In 2008, a new cloud challenger emerged; Google! Google’s first public PaaS service, Google App Engine, was introduced. Similar to AWS’ approach, Google focused on the development and the hosting of web applications on Google’s infrastructure with Google App Engine.

The same year, another major player ascended; Microsoft! In October 2008, at the Professional Developers Conference, Microsoft announced Windows Azure (in tech preview mode), allowing users to host a web application on Microsoft data center.

In 2009, a new cloud provider was born, and yet again, by an e-commerce company from China, Alibaba Group. Alibaba Cloud was founded in 2009 and opened its first data center the following year.

Another noteworthy event from that decade was the foundation of VMTurbo, Inc., now Turbonomic. VMTurbo was incorporated in December 2008 and was open for business in 2009 after raising $7.5M in Series A funding.

When VMTurbo was launched, it focused on optimizing virtualized environments running VMware and other hypervisors - but, the founders of the company had a clear vision of the future, which was to assure performance of any workload regardless of where it runs, including in a multicloud deployment model. 

In 2009, AWS introduced many of the services we know today. Some noteworthy include:

  • Amazon CloudWatch - introduced in May 2009, offered real-time monitoring service for EC2 instances using metrics gathered from the underline Xen-variant Hypervisor. In 2017 AWS released a CloudWatch agent for guest OS-level and custom metrics, it supported servers running on-premises as well.
  • Amazon Virtual Private Cloud (VPN) – announced in August 2009, allowing users to create logical and isolated networks on AWS
  • Amazon Relational Database Service (RDS) – announced in October 2009, it is a cloud-based rational database service based on MySQL. Today the service offers various databases including Amazon Aurora, PostgreSQL, MariaDB, Oracle Database and SQL Servers. Database-a-as-Service (DBaaS) is considered a type of SaaS.
  • AWS Auto Scaling – unveiled in May 2009, along with ELB and CloudWatch, the service allowed users to horizontally scale EC2 instances up and down by leveraging CloudWatch metrics and scaling policies.

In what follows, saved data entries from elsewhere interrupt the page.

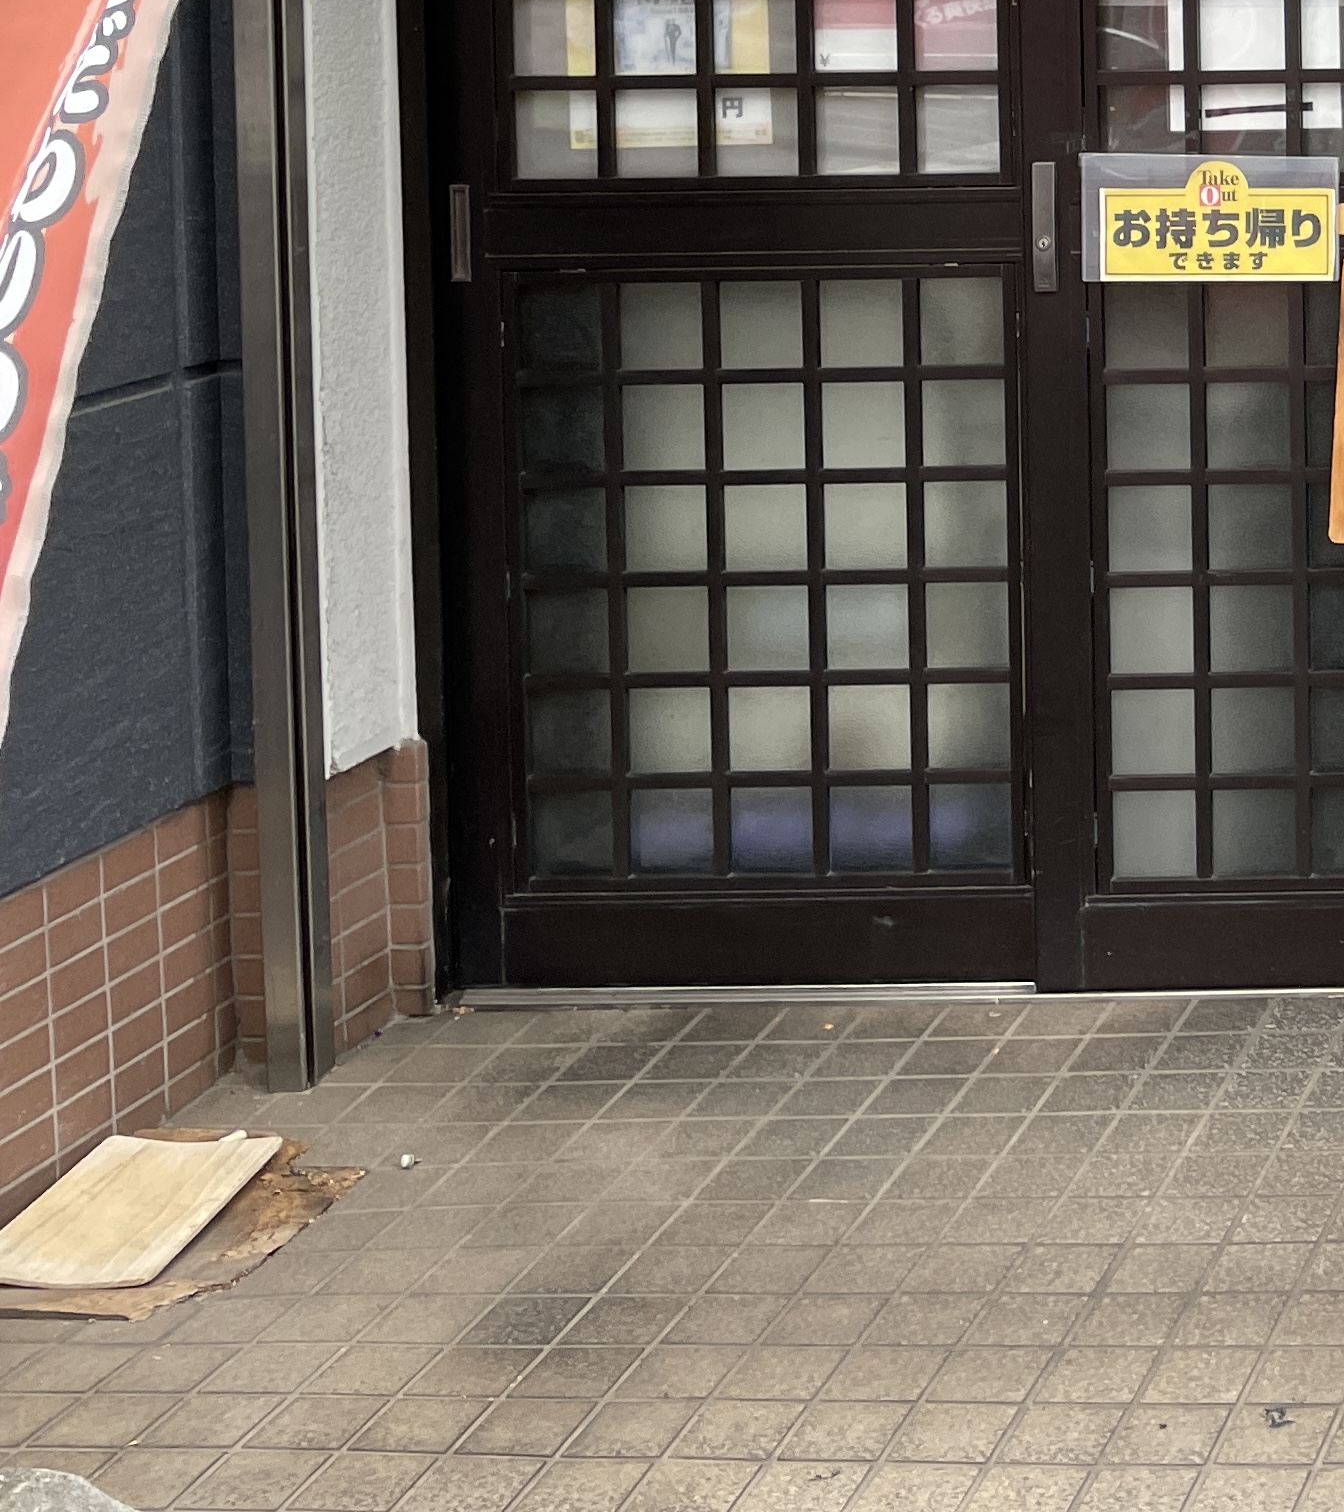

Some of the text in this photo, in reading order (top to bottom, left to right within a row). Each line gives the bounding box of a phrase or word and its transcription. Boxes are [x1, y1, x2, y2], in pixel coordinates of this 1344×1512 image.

[722, 97, 744, 118] 円
[1197, 170, 1240, 186] Take
[1200, 186, 1238, 205] Out
[1112, 208, 1323, 250] お持ち帰り
[1169, 252, 1269, 271] できます

In 2009 Amazon also unveiled two new pricing models for its EC2 service, which only offered an On-Demand pricing model. The first model was Amazon EC2 Reserved Instances (or RIs for short), which allowed users to reserve capacity and reduce costs vs. on-demand rates. Reserved Instances commitments also assisted Amazon with its capacity planning for its global infrastructure, especially in the early days of the business, as capital investments in infrastructure had to be meticulously made.

The second new pricing model was Amazon EC2 Spot Instances, which allowed users to “bid” on unused compute capacity at a fraction of the cost of on-demand. Spot instances are still considered the cheapest pricing model on AWS (savings up to 90%); however, due to their unexpected termination within 2 minutes (when the market price is higher than the bid price), they are mostly used with fault-tolerant and flexible applications.

Even now, the purchase of bare metal can be modeled in commercial cloud (for example, billing by usage or put another way, physical server billing by the hour). The result of this is that a bare metal server request with all the resources needed, and nothing more, can be delivered with a matter of hours.

In the end, the story is not finished here. The evolution of cloud computing has only begun.